Loading icon

Soluble TREM-2: Tracking Microglial Activity and Treatment Response in Multiple Sclerosis

Post banner image
Share:

Multiple sclerosis (MS) is a complex immune-mediated neurodegenerative disease. It starts as an immune system misfire—where the body mistakenly attacks the protective myelin sheath surrounding nerve fibers in the brain and spinal cord—and evolves over time into a process marked by chronic inflammation and neurodegeneration. One of the key players in this late-stage neurodegeneration is microglia, the brain’s resident immune cells.

A study by Öhrfelt et al. (2016) shines a spotlight on a potential new biomarker of microglial activity in MS: soluble TREM-2 (sTREM-2) in cerebrospinal fluid (CSF). Not only does this molecule help us understand disease processes better, but it also responds to treatment—suggesting possible use in monitoring therapy effectiveness.

What is TREM-2 and Why Does it Matter?
TREM-2 (Triggering Receptor Expressed on Myeloid cells-2) is a receptor found mainly on microglia in the brain. When activated, it seems to dampen inflammation and help microglia clear away cellular debris, including damaged myelin. Think of it as part of the brain’s cleanup crew—important for both limiting damage and promoting repair.

When TREM-2’s external portion is cut off (a process called ectodomain shedding), it appears in the CSF as soluble TREM-2 (sTREM-2). Measuring this soluble form can give researchers a clue about how active microglia are in the brain.

The Study: Measuring sTREM-2 in MS Patients
The researchers analyzed CSF samples from:

59 people with MS:

36 with relapsing-remitting MS (RRMS)

20 with secondary progressive MS (SPMS)

3 with primary progressive MS (PPMS)

27 healthy controls

They also looked at how sTREM-2 levels changed after treatment with two potent MS drugs:

Natalizumab – a monoclonal antibody that stops immune cells from entering the brain and spinal cord.

Mitoxantrone – a chemotherapy-derived drug that broadly suppresses immune function. Key Findings
Higher sTREM-2 in All MS Types
At baseline, people with RRMS, SPMS, and PPMS all had significantly higher sTREM-2 levels compared to healthy controls. This suggests that microglial activation is a common feature across different stages of MS.

Treatment Effects
Natalizumab: After 12 months, sTREM-2 levels dropped to normal (control) levels. Patients also showed clinical improvement, with lower disability scores (EDSS and MSSS).

Mitoxantrone: After 24 months, sTREM-2 levels fell but remained above control levels.

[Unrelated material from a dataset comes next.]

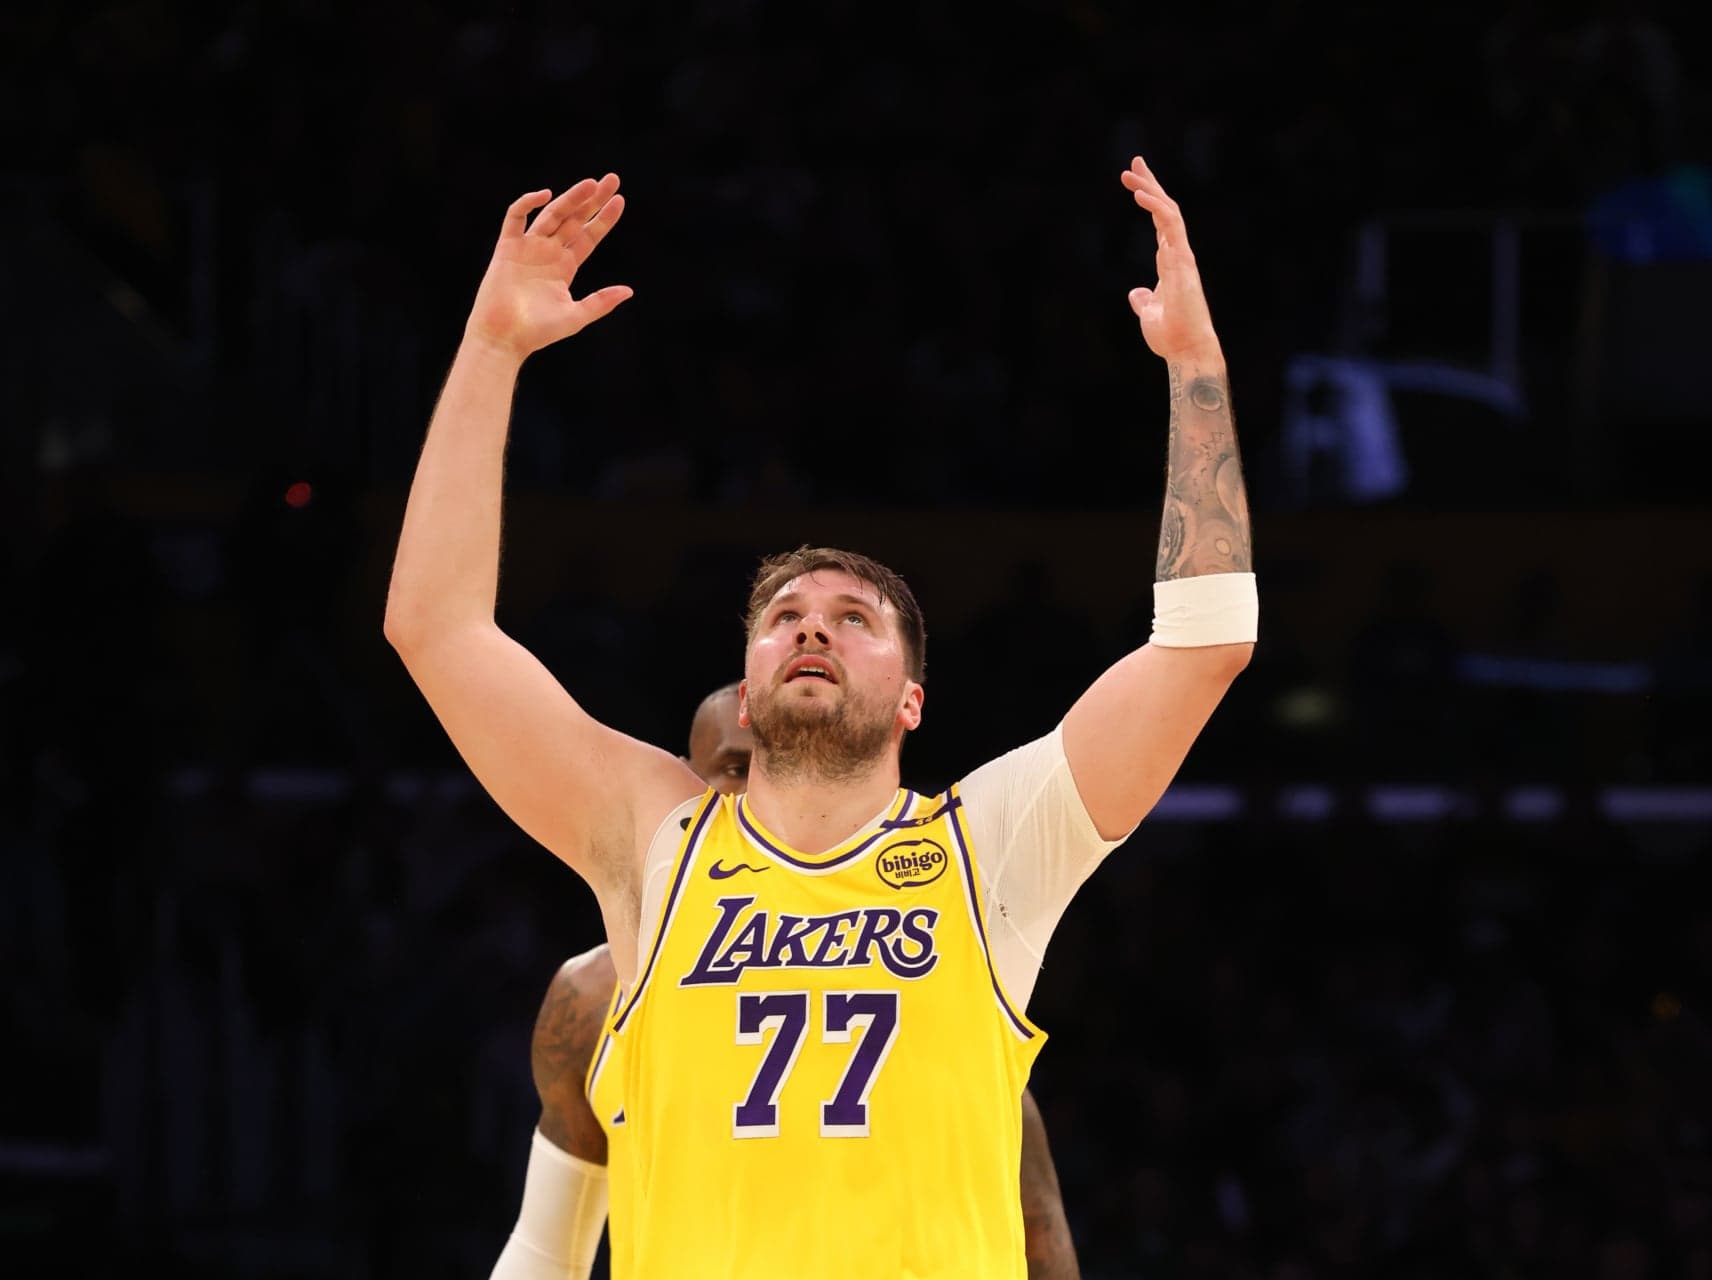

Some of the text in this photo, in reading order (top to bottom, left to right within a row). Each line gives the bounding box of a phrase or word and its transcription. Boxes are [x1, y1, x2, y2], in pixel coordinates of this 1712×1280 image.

[881, 852, 943, 872] bibigo
[678, 895, 940, 987] LAKERS
[732, 990, 901, 1139] 77

Disability scores didn’t improve, even though some biochemical signs of reduced damage were present.

Disease Duration Links
sTREM-2 levels tended to be higher earlier in the disease and decreased as the disease progressed, especially in RRMS. In SPMS, sTREM-2 was linked to greater disease severity.

Why This Matters
This research suggests that sTREM-2 could serve as:

A biomarker of microglial activation in MS—valuable for understanding disease activity beyond what MRI scans can show.

A treatment-response marker, particularly in therapies like natalizumab that strongly reduce inflammation in the brain.

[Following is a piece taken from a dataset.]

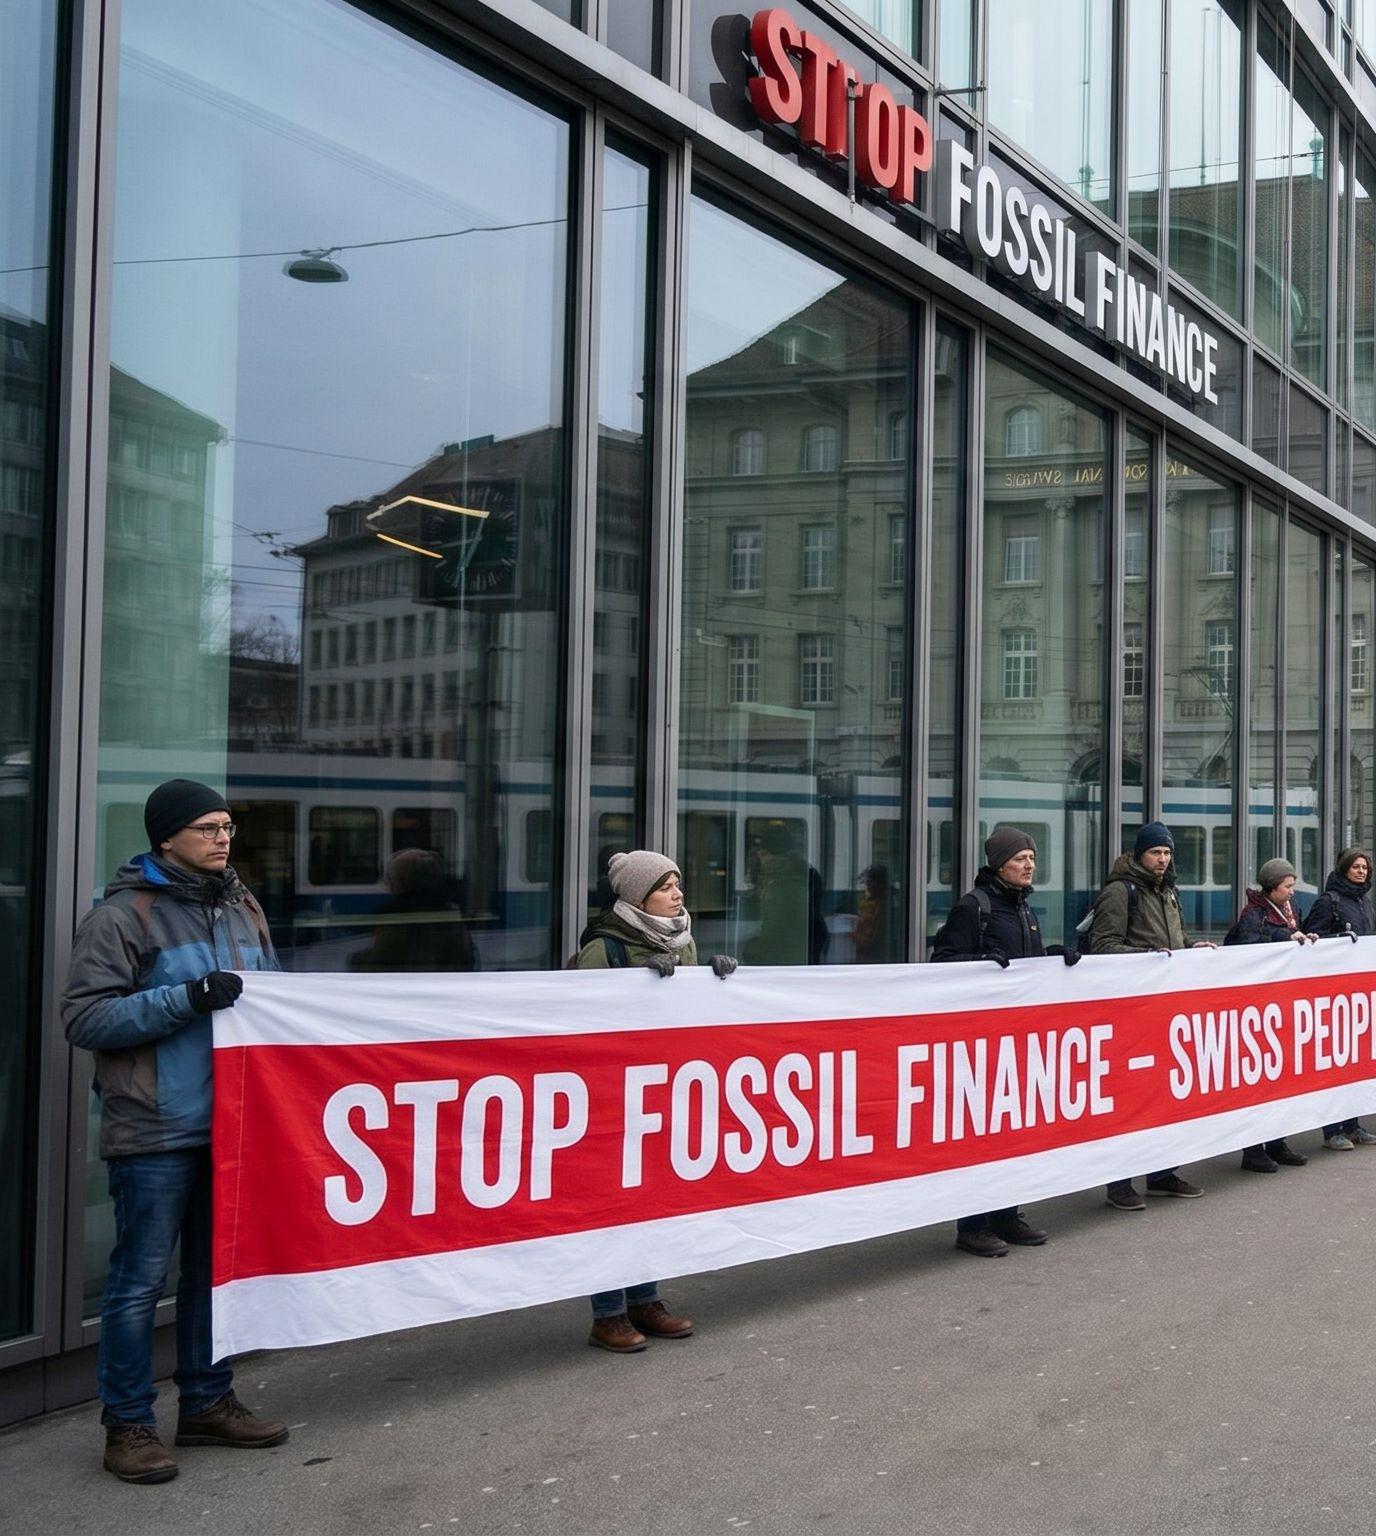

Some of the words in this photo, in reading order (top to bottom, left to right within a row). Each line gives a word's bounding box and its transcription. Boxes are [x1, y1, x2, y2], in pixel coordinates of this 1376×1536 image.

A potential bridge biomarker between neuroinflammation and neurodegeneration, helping researchers track when the disease shifts from one process to the other.

It’s important to note, however, that sTREM-2 is not MS-specific—it’s elevated in other neurological inflammatory conditions too. This limits its diagnostic value but still makes it powerful for disease monitoring.

Limitations and Future Directions
The study didn’t include a placebo group, so some changes might be due to natural disease fluctuations. Also, the variability of the assay used to measure sTREM-2 means it’s not yet ready for routine clinical use.

Future research will need to refine the measurement techniques and explore how sTREM-2 behaves in response to other MS therapies, or even as part of combination biomarker panels alongside markers like neurofilament light (NFL).

Bottom Line
Öhrfelt and colleagues have provided compelling evidence that soluble TREM-2 in the CSF is elevated in all forms of MS and can be brought closer to normal by effective anti-inflammatory treatment, particularly natalizumab. While not a silver-bullet diagnostic tool, sTREM-2 is emerging as a promising biomarker for tracking microglial activity and potentially guiding therapy decisions.

In the evolving world of MS research, this is another step toward making invisible processes—like microglial activation—measurable and, eventually, targetable.

Disclaimer: This blog post is based on the provided research article and is intended for informational purposes only. It is not intended to provide medical advice. Please consult with a healthcare professional for any health concerns.

References:
Öhrfelt, A., Axelsson, M., Malmeström, C., Novakova, L., Heslegrave, A., Blennow, K., ... & Zetterberg, H. (2016). Soluble TREM-2 in cerebrospinal fluid from patients with multiple sclerosis treated with natalizumab or mitoxantrone. Multiple Sclerosis Journal, 22(12), 1587-1595.